Subgroup analysis by sex and baseline BMI in people with a BMI ≥27 kg/m in the phase 2 trial of survodutide, a glucagon/GLP-1 receptor dual agonist.

AIM

To explore the effects of sex and baseline body mass index (BMI) on the efficacy and safety of survodutide in people with a BMI ≥27 kg/m.

MATERIALS AND METHODS

Totally 387 people (aged 18-75 years, BMI ≥27 kg/m, without diabetes) were randomized 1:1:1:1:1 to once-weekly subcutaneous survodutide (0.6, 2.4, 3.6 or 4.8 mg) or placebo for 46 weeks (20-week dose escalation; 26-week dose maintenance).

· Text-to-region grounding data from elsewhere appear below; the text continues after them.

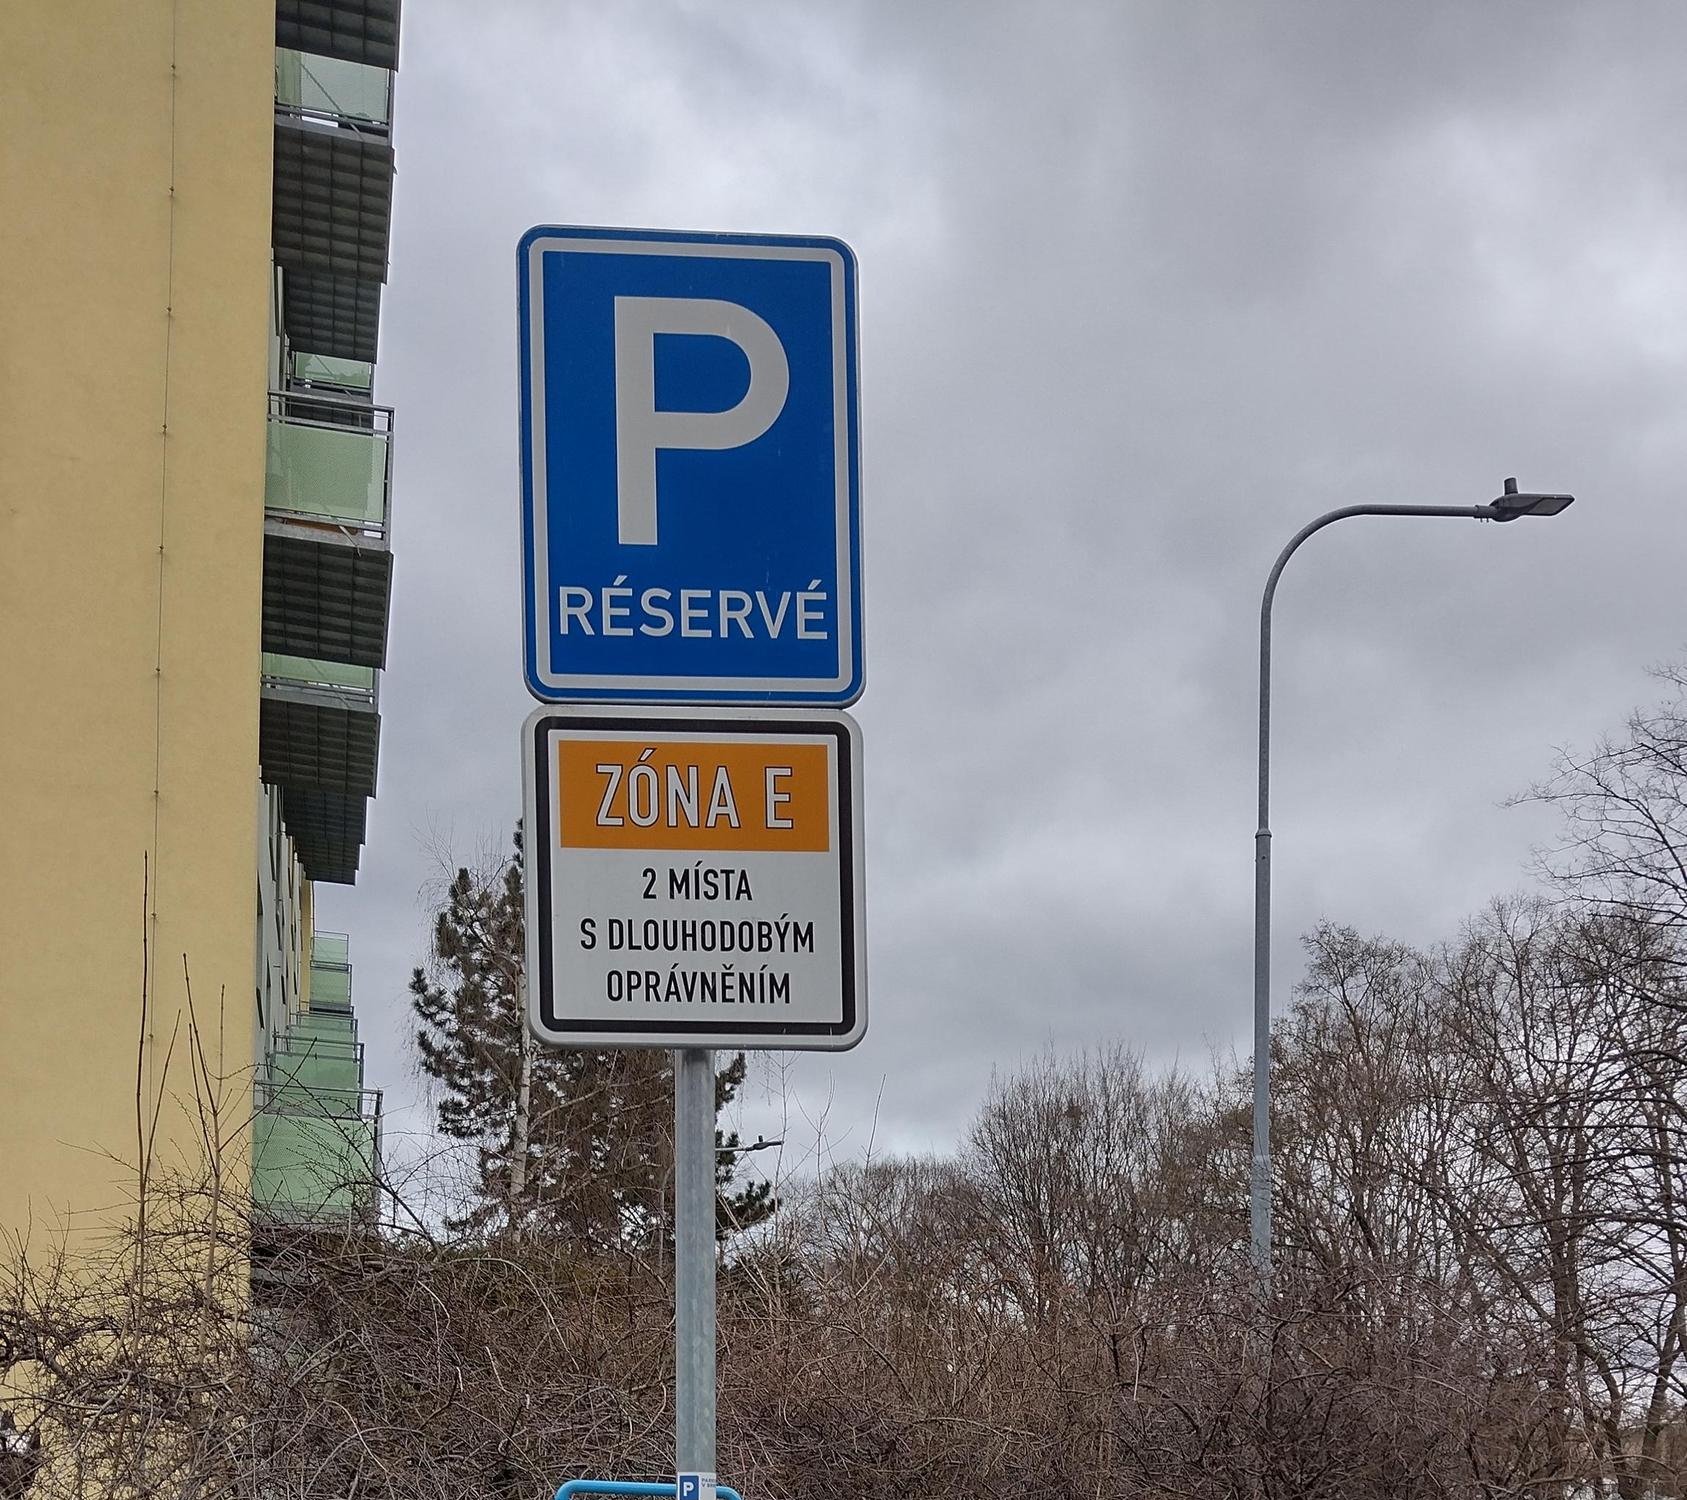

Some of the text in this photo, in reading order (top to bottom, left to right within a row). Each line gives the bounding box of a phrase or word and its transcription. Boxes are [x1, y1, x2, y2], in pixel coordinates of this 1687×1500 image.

[614, 296, 789, 545] P
[559, 575, 828, 640] RÉSERVÉ
[596, 747, 794, 829] ZÓNA E
[642, 860, 753, 901] 2 MÍSTA
[580, 912, 815, 953] S DLOUHODOBÝM
[606, 962, 791, 1004] OPRÁVNĚNÍM
[683, 1481, 695, 1497] P
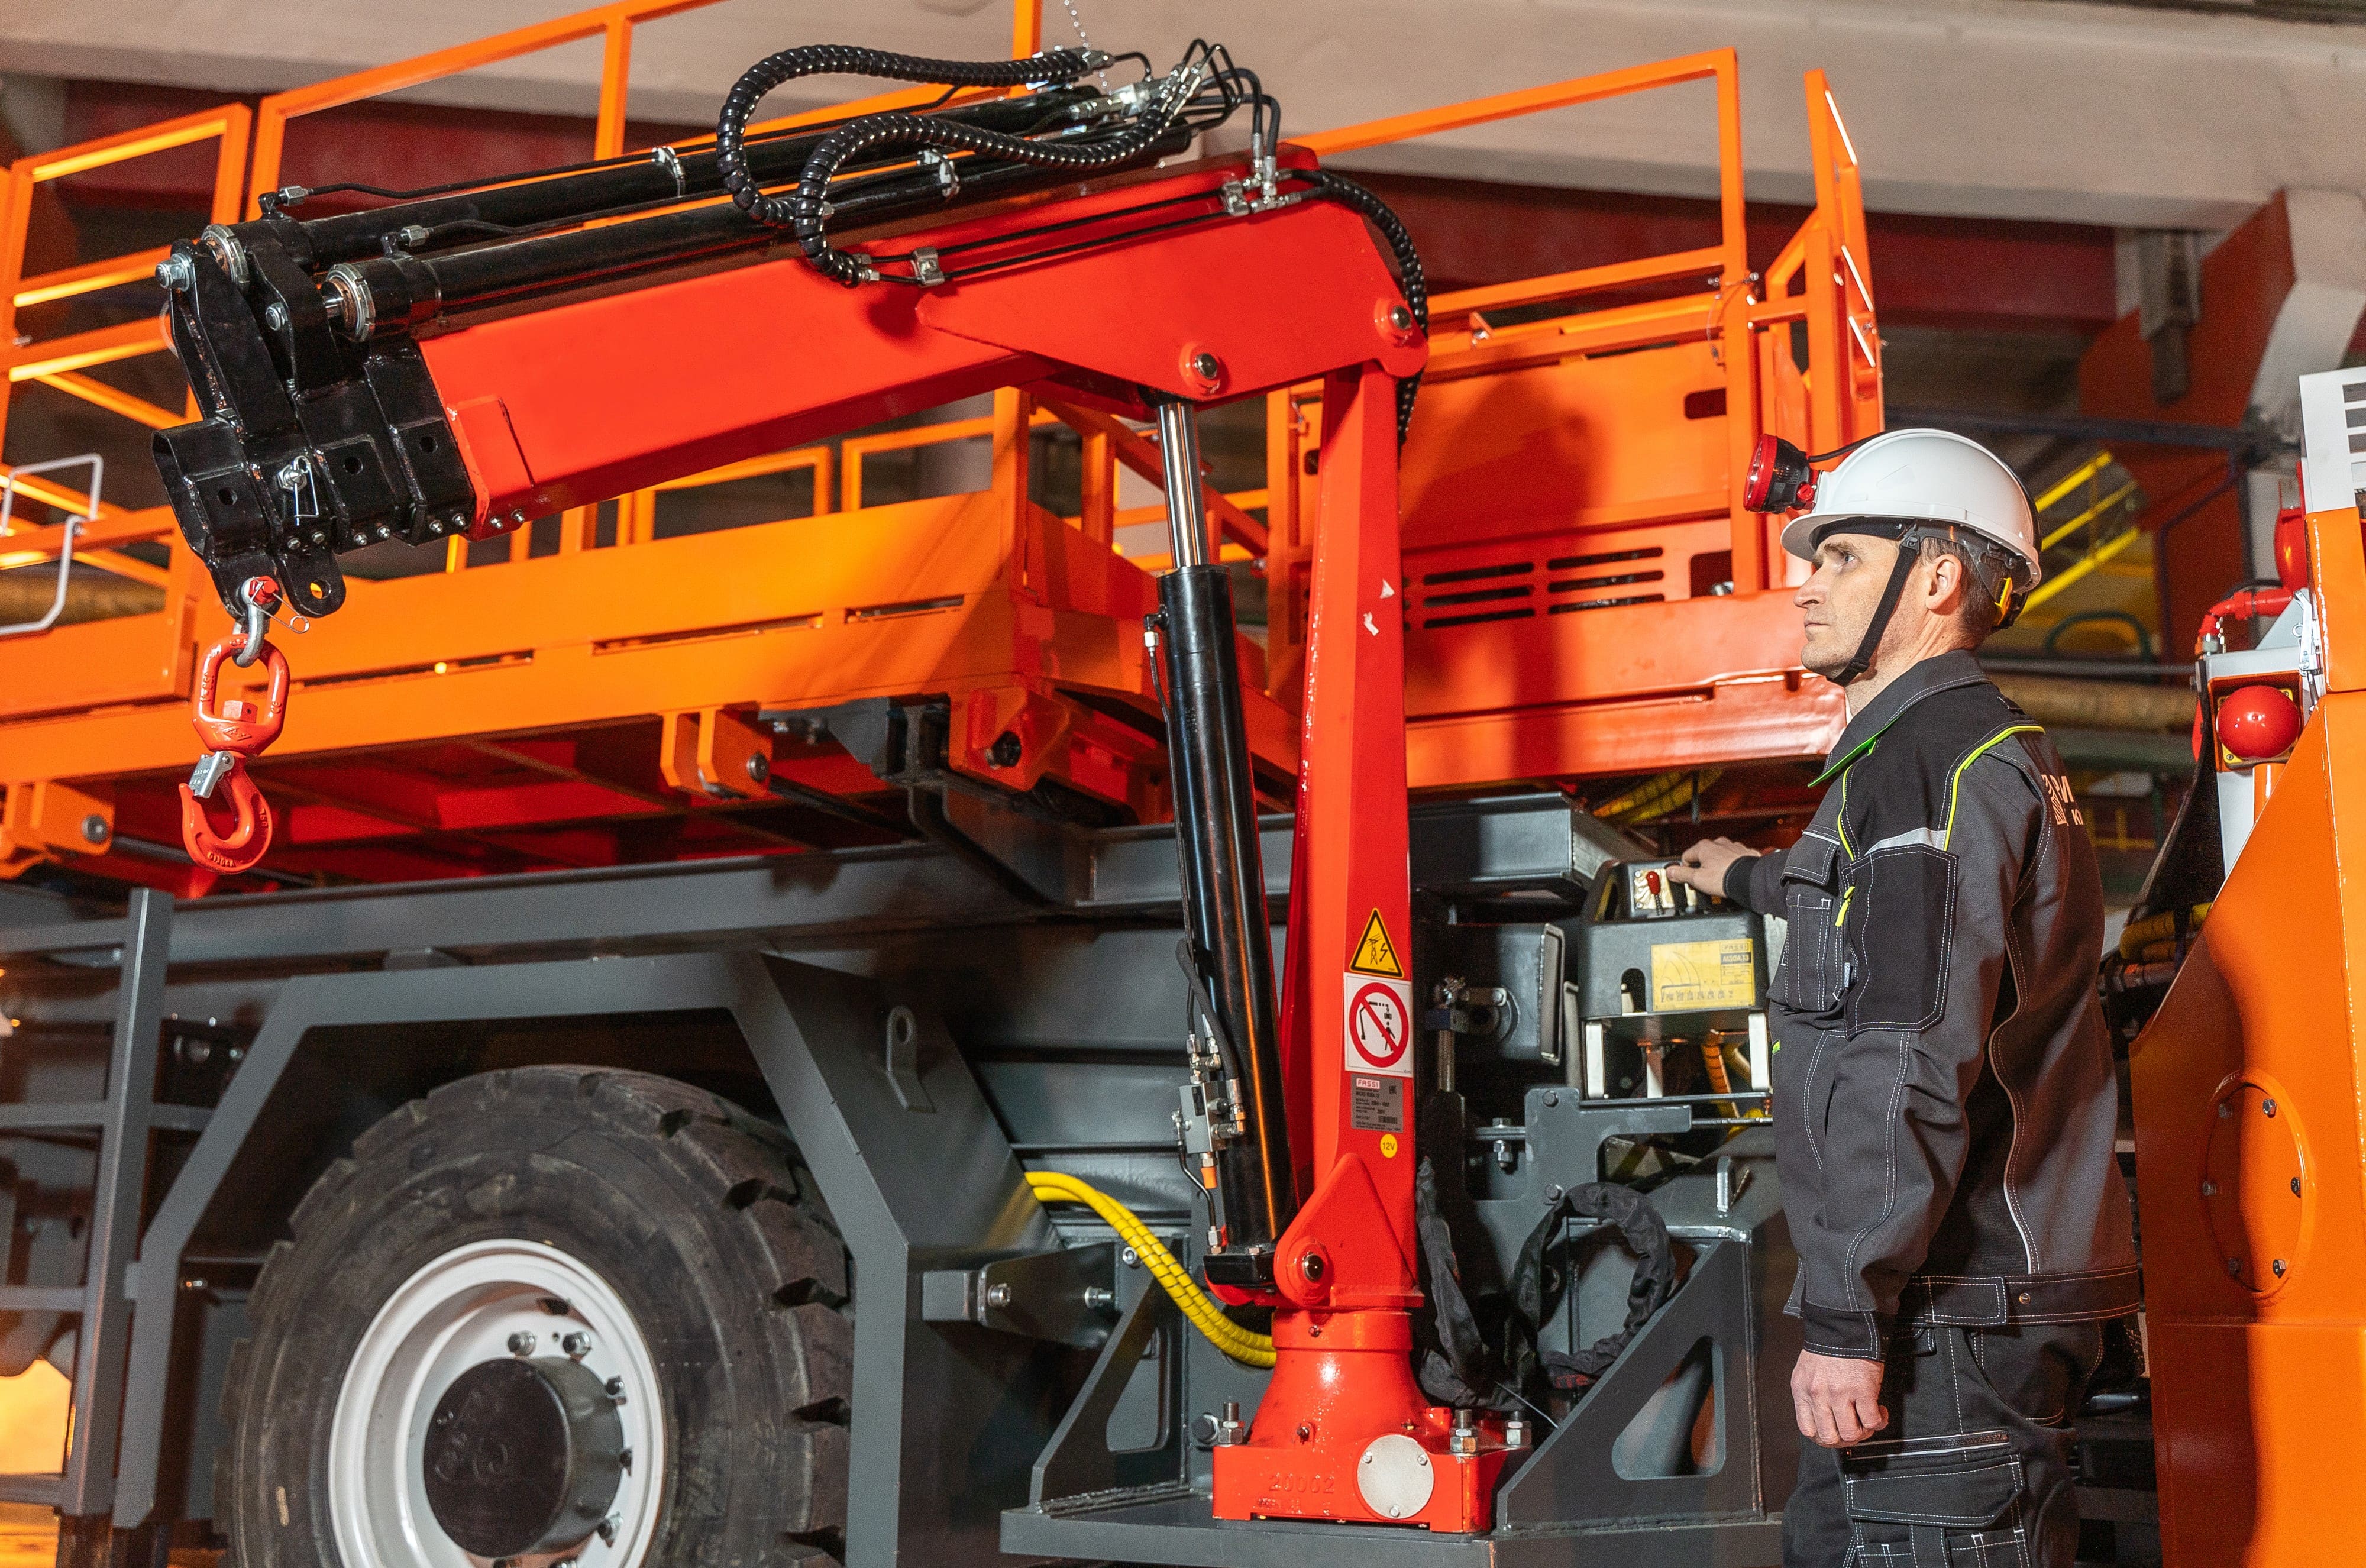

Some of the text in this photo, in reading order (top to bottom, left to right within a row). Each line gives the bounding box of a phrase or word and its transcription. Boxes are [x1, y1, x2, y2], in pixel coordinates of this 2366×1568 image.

[1357, 1079, 1379, 1088] FASSI
[1382, 1142, 1395, 1150] 12V
[1269, 1473, 1334, 1494] 20002

Participants were categorized according to sex and baseline BMI. Data were analysed descriptively for the full analysis set (FAS), according to dose assigned at randomization (planned treatment) using on-treatment data or all data censored for COVID-19-related treatment discontinuations. (ClinicalTrials.gov number: NCT04667377).

RESULTS

After 46 weeks of survodutide treatment, females had greater reductions in bodyweight and waist circumference than males. Participants with a lower baseline BMI had greater proportional reductions in bodyweight than those with a higher baseline BMI; the trend was reversed for reductions in waist circumference. Rates of adverse events (AEs) were comparable between subgroups for sex and baseline BMI. Nausea was the most frequently reported gastrointestinal AE in all subgroups.

CONCLUSIONS

In people with a BMI ≥27 kg/m, survodutide was associated with clinically meaningful reductions in bodyweight and waist circumference when compared with placebo, in prespecified subgroups based on sex and baseline BMI, and was tolerated at all doses tested.